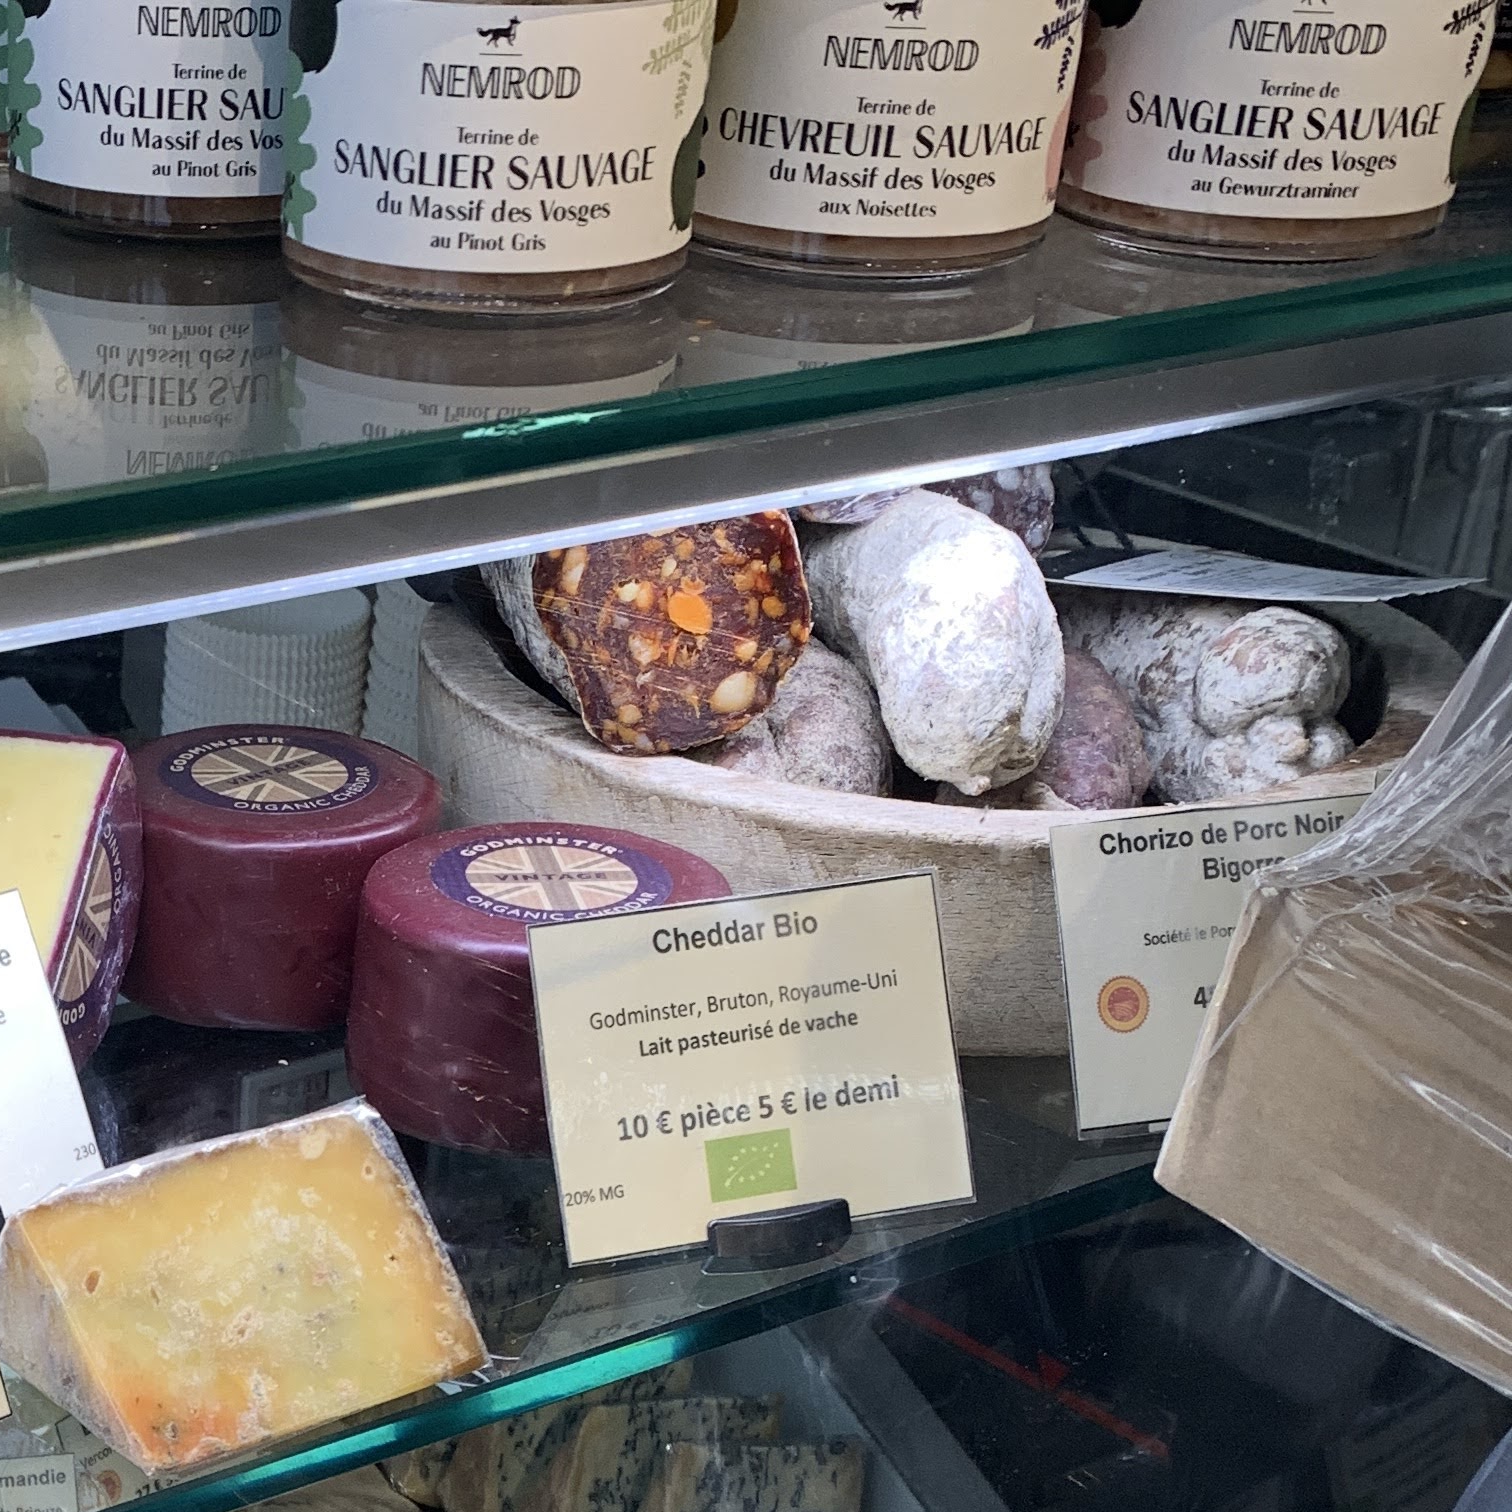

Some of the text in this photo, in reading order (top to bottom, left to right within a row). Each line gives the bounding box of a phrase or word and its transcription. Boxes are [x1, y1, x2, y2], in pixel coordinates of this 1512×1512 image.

[138, 6, 281, 37] NEMROD
[1229, 19, 1387, 54] NEMROD
[823, 35, 980, 71] NEMROD
[420, 62, 581, 100] NEMROD
[719, 107, 1047, 158] CHEVREUIL SAUVAGE
[1126, 90, 1446, 140] SANGLIER SAUVAGE
[457, 127, 540, 145] Terrine de
[334, 139, 657, 190] SANGLIER SAUVAGE
[1191, 177, 1360, 199] au Gewurztraminer
[376, 191, 610, 226] du Massif des Vosges
[819, 199, 937, 218] aux Noisettes
[430, 233, 546, 250] au Pinot Gris
[170, 736, 285, 772] GODMINSTER
[228, 759, 311, 786] VINTAGE
[233, 766, 371, 811] ORGANIC CHEDDAR
[459, 836, 617, 858] GODMINSTER
[1099, 810, 1344, 856] Chorizo de Porc Noir
[495, 872, 608, 882] VINTAGE
[652, 910, 818, 954] Cheddar Bio
[589, 968, 899, 1031] Godminster, Bruton, Royaume-Uni
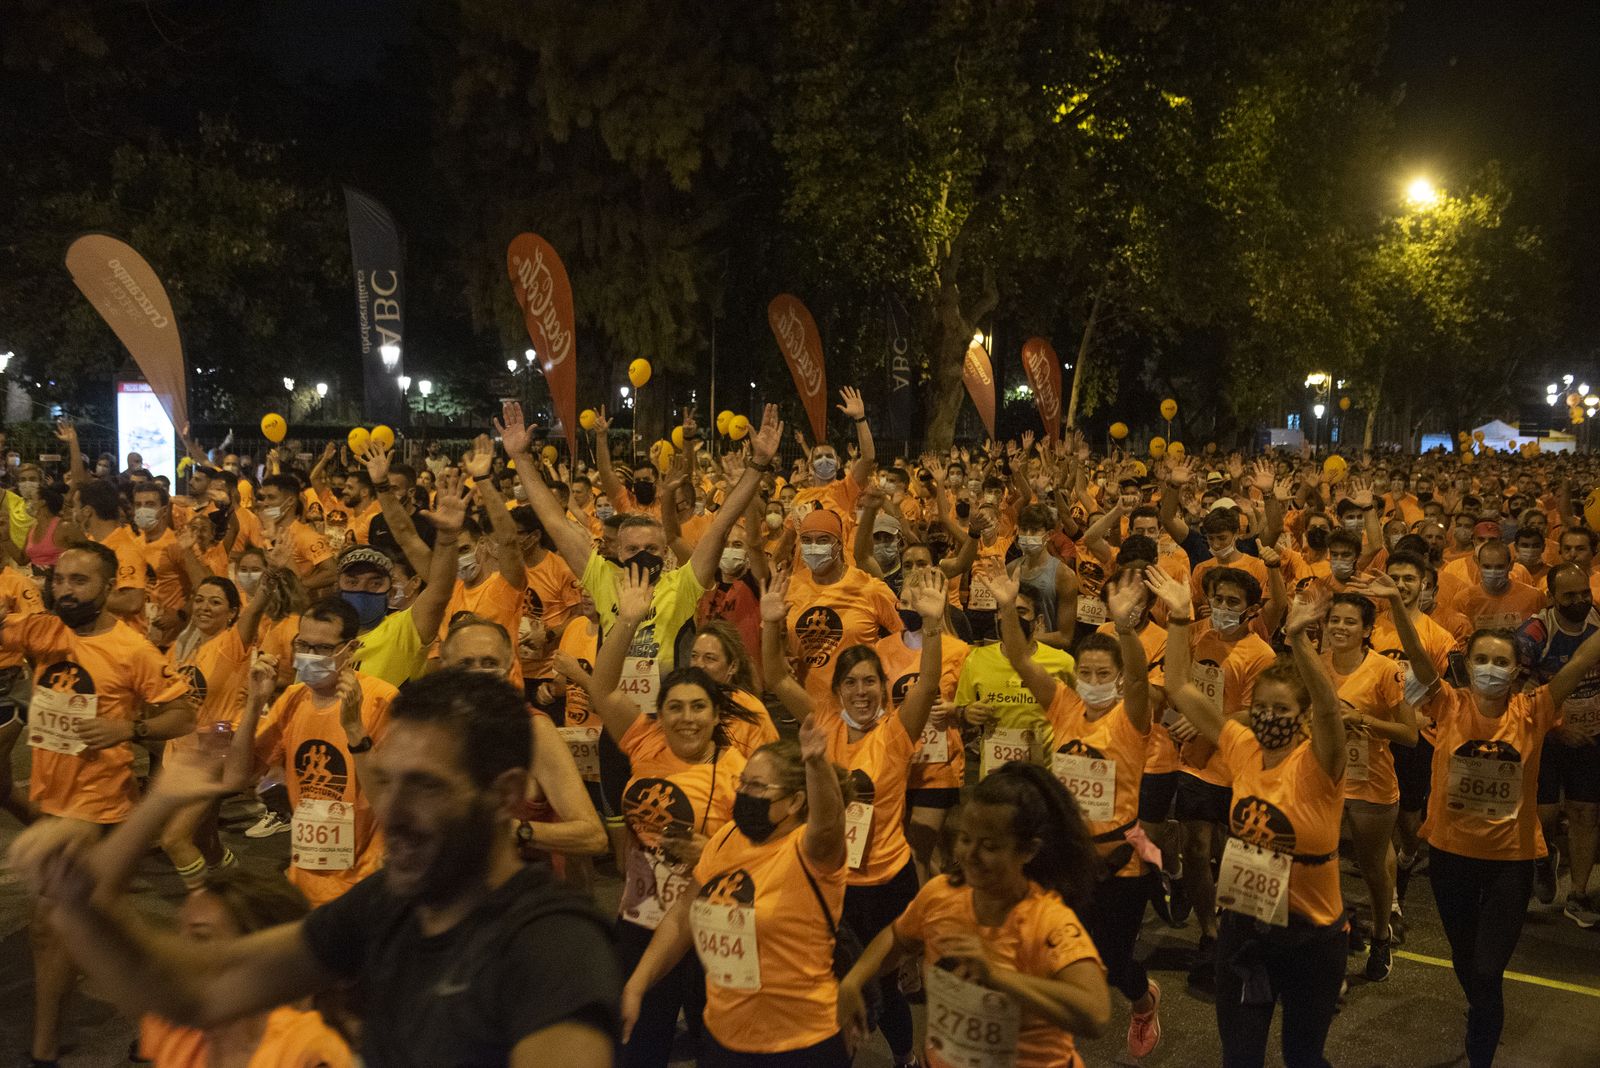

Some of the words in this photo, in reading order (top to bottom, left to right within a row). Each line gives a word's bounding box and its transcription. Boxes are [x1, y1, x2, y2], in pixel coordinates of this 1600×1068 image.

[974, 588, 993, 599] 225
[619, 679, 650, 694] 443
[1191, 677, 1215, 697] 716
[38, 711, 83, 734] 1765
[994, 745, 1032, 761] 8281
[1349, 748, 1360, 762] 9
[1459, 777, 1510, 799] 5648
[296, 822, 340, 844] 3361
[845, 826, 856, 844] 4
[1232, 865, 1280, 898] 7288
[937, 1004, 1001, 1045] 2788
_____
WHAT YOU ARE ASKED TO DO: Write out the whole listing exactly, and drop the pictures.

RESPONSE BOX:
Some of the text in this photo, in reading order (top to bottom, left to right within a row). Each line gives the bounding box of a phrase or word and its transcription. Boxes are [x1, y1, x2, y2], in pixel coordinates of this 1512×1512 image.

[138, 6, 281, 37] NEMROD
[1229, 19, 1387, 54] NEMROD
[823, 35, 980, 71] NEMROD
[420, 62, 581, 100] NEMROD
[719, 107, 1047, 158] CHEVREUIL SAUVAGE
[1126, 90, 1446, 140] SANGLIER SAUVAGE
[457, 127, 540, 145] Terrine de
[334, 139, 657, 190] SANGLIER SAUVAGE
[1191, 177, 1360, 199] au Gewurztraminer
[376, 191, 610, 226] du Massif des Vosges
[819, 199, 937, 218] aux Noisettes
[430, 233, 546, 250] au Pinot Gris
[170, 736, 285, 772] GODMINSTER
[228, 759, 311, 786] VINTAGE
[233, 766, 371, 811] ORGANIC CHEDDAR
[459, 836, 617, 858] GODMINSTER
[1099, 810, 1344, 856] Chorizo de Porc Noir
[495, 872, 608, 882] VINTAGE
[652, 910, 818, 954] Cheddar Bio
[589, 968, 899, 1031] Godminster, Bruton, Royaume-Uni

Some of the words in this photo, in reading order (top to bottom, left to right within a row). Each line gives a word's bounding box and its transcription. Boxes are [x1, y1, x2, y2], in pixel coordinates of this 1600×1068 image.

[974, 588, 993, 599] 225
[619, 679, 650, 694] 443
[1191, 677, 1215, 697] 716
[38, 711, 83, 734] 1765
[994, 745, 1032, 761] 8281
[1349, 748, 1360, 762] 9
[1459, 777, 1510, 799] 5648
[296, 822, 340, 844] 3361
[845, 826, 856, 844] 4
[1232, 865, 1280, 898] 7288
[937, 1004, 1001, 1045] 2788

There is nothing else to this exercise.